* Task brief
Word-for-word transcription: reproduce all of the data, but not the pictures.

━━━━━━━━

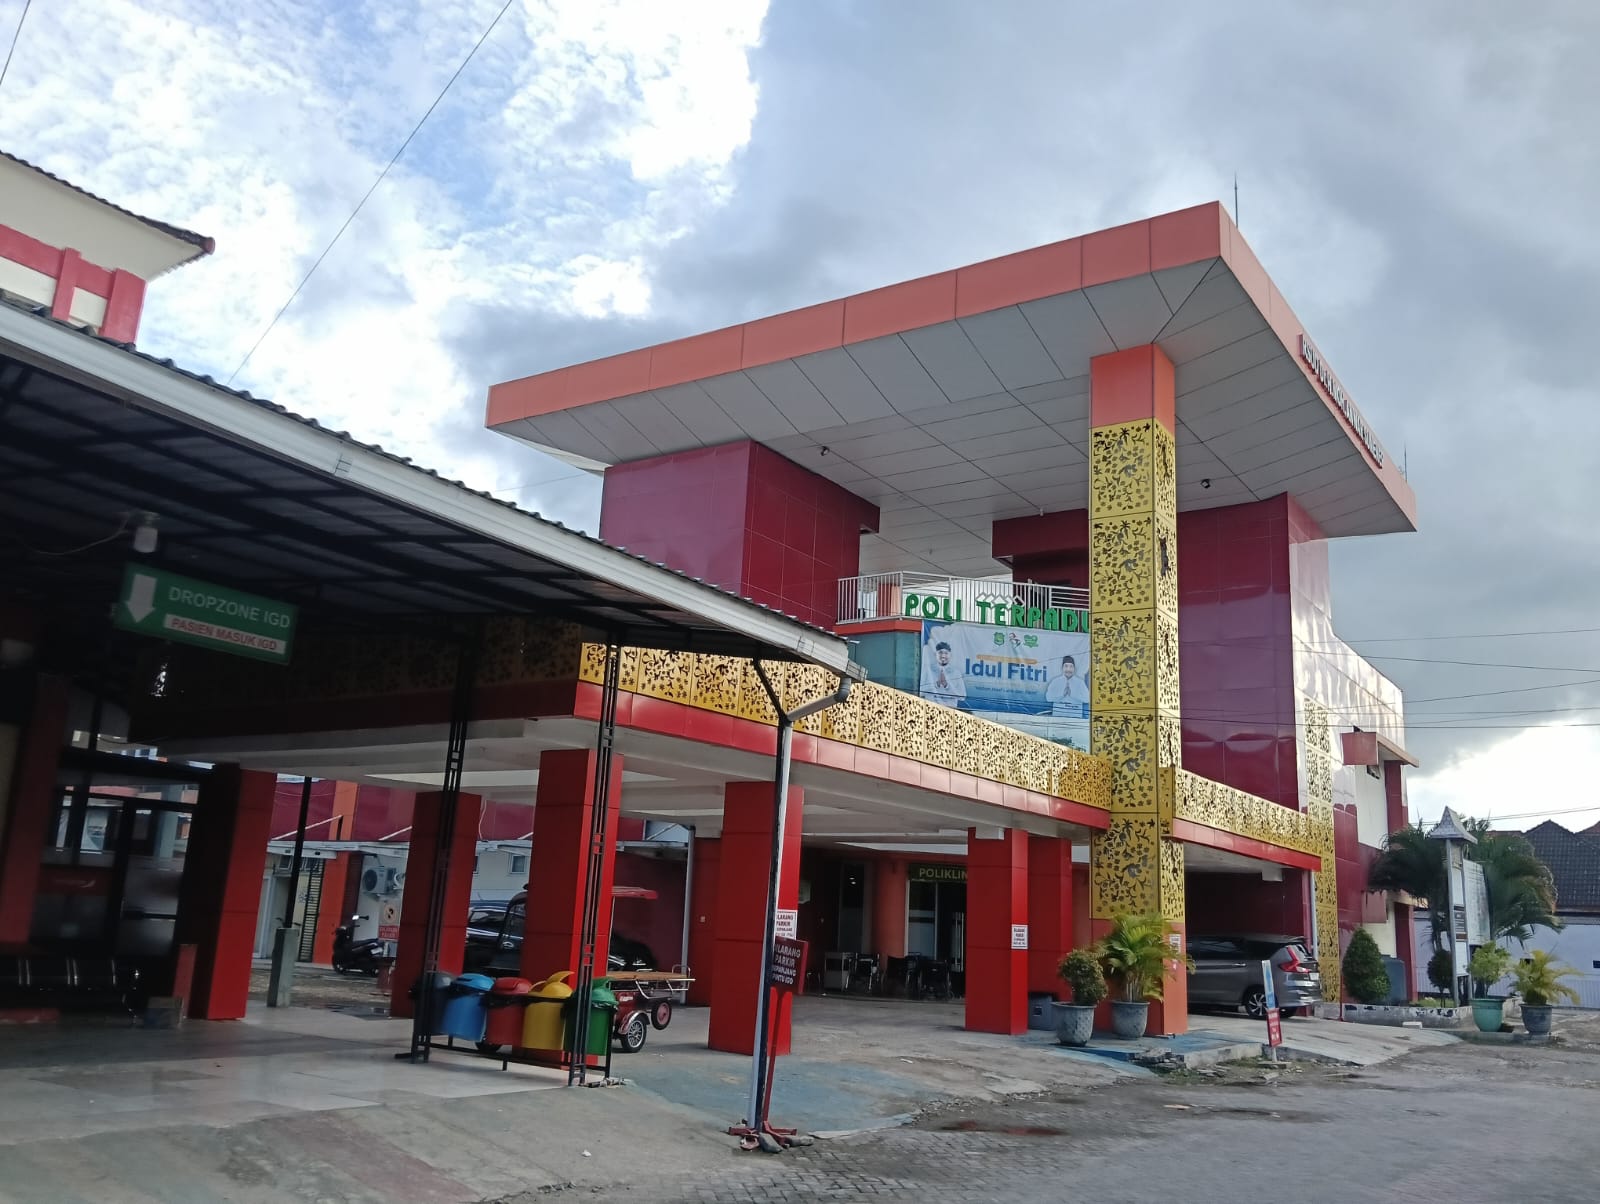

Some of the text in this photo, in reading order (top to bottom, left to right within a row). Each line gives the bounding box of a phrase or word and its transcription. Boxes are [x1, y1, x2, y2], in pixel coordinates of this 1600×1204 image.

[169, 587, 290, 628] DROPZONE IGD
[905, 593, 962, 622] POLI
[171, 617, 277, 650] PASIEN MASUK IGD
[965, 658, 1048, 682] Idul Fitri

━━━━━━━━

* Result for this exercise
Some of the text in this photo, in reading order (top to bottom, left to right within a row). Each line gives the bounding box of a phrase or word and its transcription. Boxes are [x1, y1, x2, y2], in pixel coordinates of this 1600×1204 image.

[169, 587, 290, 628] DROPZONE IGD
[905, 593, 962, 622] POLI
[171, 617, 277, 650] PASIEN MASUK IGD
[965, 658, 1048, 682] Idul Fitri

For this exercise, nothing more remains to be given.